Solving $|x-1|^{\log_2(4-x)} \le|x-1|^{\log_2 (1+x)}$ Let us solve
$|x-1|^{\log_2(4-x)}\le|x-1|^{\log_2 (1+x)}......(*)$
Let $4-x>0 ~\& ~1+x>0$.......(1)
Case 1: $|x-1|\le 1\implies 0\le x\le 2$........(2)
We get $\log_2(4-x) \color{red}{\ge} \log_2(1+x)\implies 4-x \ge 1+x \implies x\le 3/2$....(3)
The overlap of (1,2,3) gives $x\in [0,3/2]$........(4)
Case 2: $|x-1|\ge 1 \implies x\le 0 ~or~ x\ge 2$....(5)
We get $\log_2(4-x) \color{red}{\le} \log_2(1+x)\implies 4-x <1+x \implies x\ge 3/2$....(6)
Taking overlap of (1,5,6), we get $x \in [2,4)$.
So the final solution is : $[0,3/2] \cup [2,4).$
Now the question is  whether this solution is complete and how else this (*) could be solved?

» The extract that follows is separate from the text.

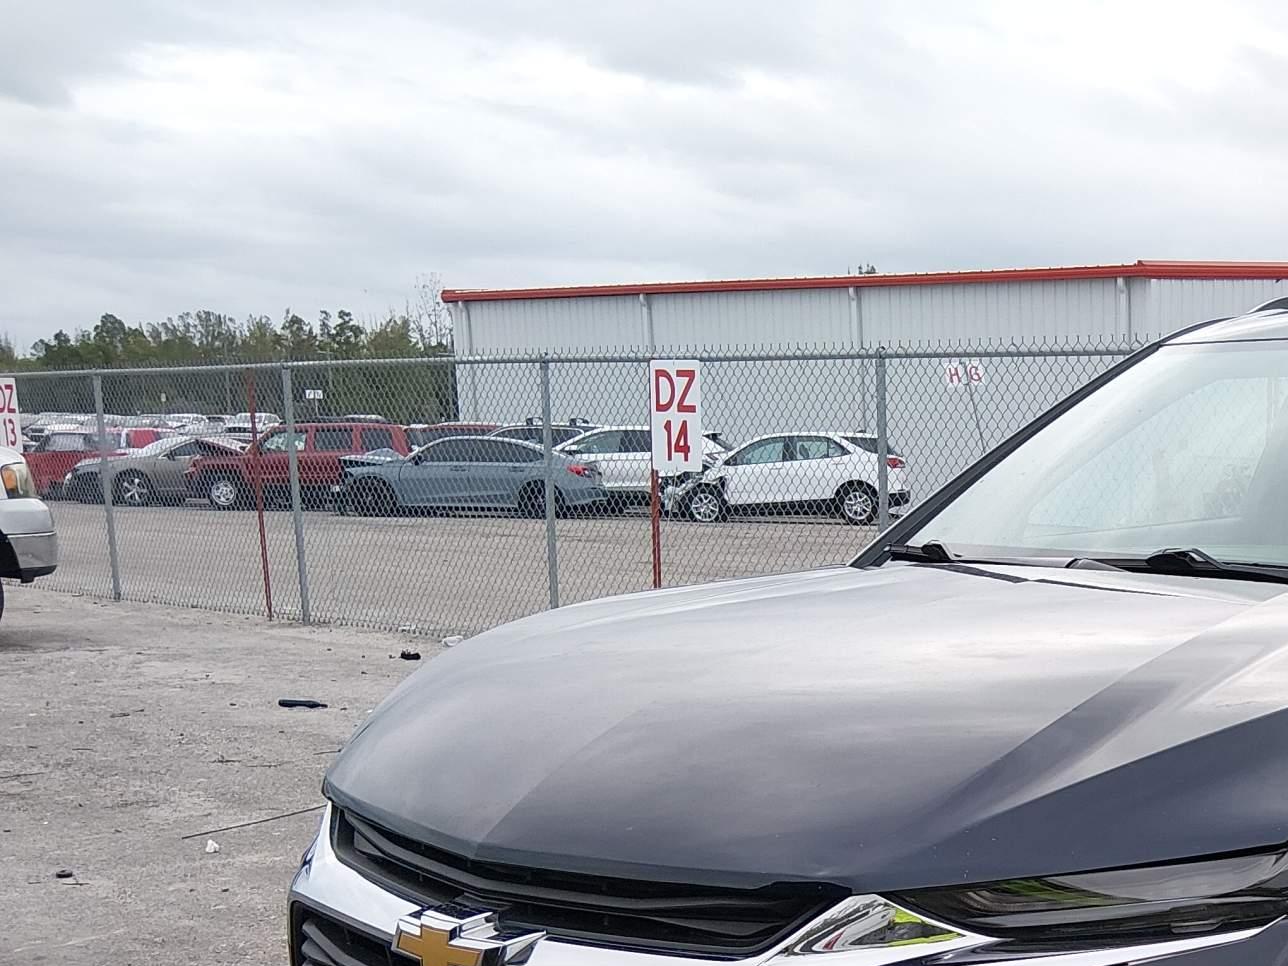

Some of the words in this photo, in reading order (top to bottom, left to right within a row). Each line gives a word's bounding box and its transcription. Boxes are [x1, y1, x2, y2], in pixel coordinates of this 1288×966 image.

[654, 368, 697, 413] DZ
[948, 367, 961, 383] H
[3, 418, 17, 447] 13
[663, 419, 691, 462] 14

 A: $|x-1|^{\log_2(4-x)}\le|x-1|^{\log_2 (1+x)}......(1)$
Note that $x=0,1,2$ are already  roots.
Taking $\log_a$ both side ( $a\in (0,1)$ or $a\in(1,\infty))$, let us take $a=2$. We get
$$\log_2(4-x) \log_2|x-1|\color{red}{\le} \log_2(1+x)\log_2|x-1|\quad(2)$$
Since, $\log_2(4-x)$ and $\log_2(1+x)$ have to be real we declare
$$(4-x)>0~\&~ (1+x)>0\quad(3)$$
Case 1: $|x-1|<1\implies 0<x< 2, \log_2|x-1|\color{red}{<}0\quad(4)$,
From (2) we get
$$\log_2(4-x)  \color{red}{\ge}  \log_2(1+x) \implies 4-x \ge 1+x \implies x \le 3/2\quad(5)$$
Taking intersection of (3,4,5) and inclusion of $x=0,1$; we get the solution as
$x\in [0,3/2]\quad (6)$
Case 2: $|x-1|> 1 \implies x<0 ~or~x > 2, \log_2|x-1|\color{red}{>}0 \quad (7)$
This time from (2), we get
$$\log_2(4-x) \color{red}{\le} \log_2(1+x) \implies 4-x \le 1+x \implies x\ge 3/2 \quad (8)$$
Finally, intersection of (3,7,8) and inclusion of $x=2$, gives the solution as $2\le x< 4 \quad (9)$
So the final solution lies in $[0,3/2] \cup [2,4)$.
Note that by choosing the base e.g., $1/2$ wont change the final answer.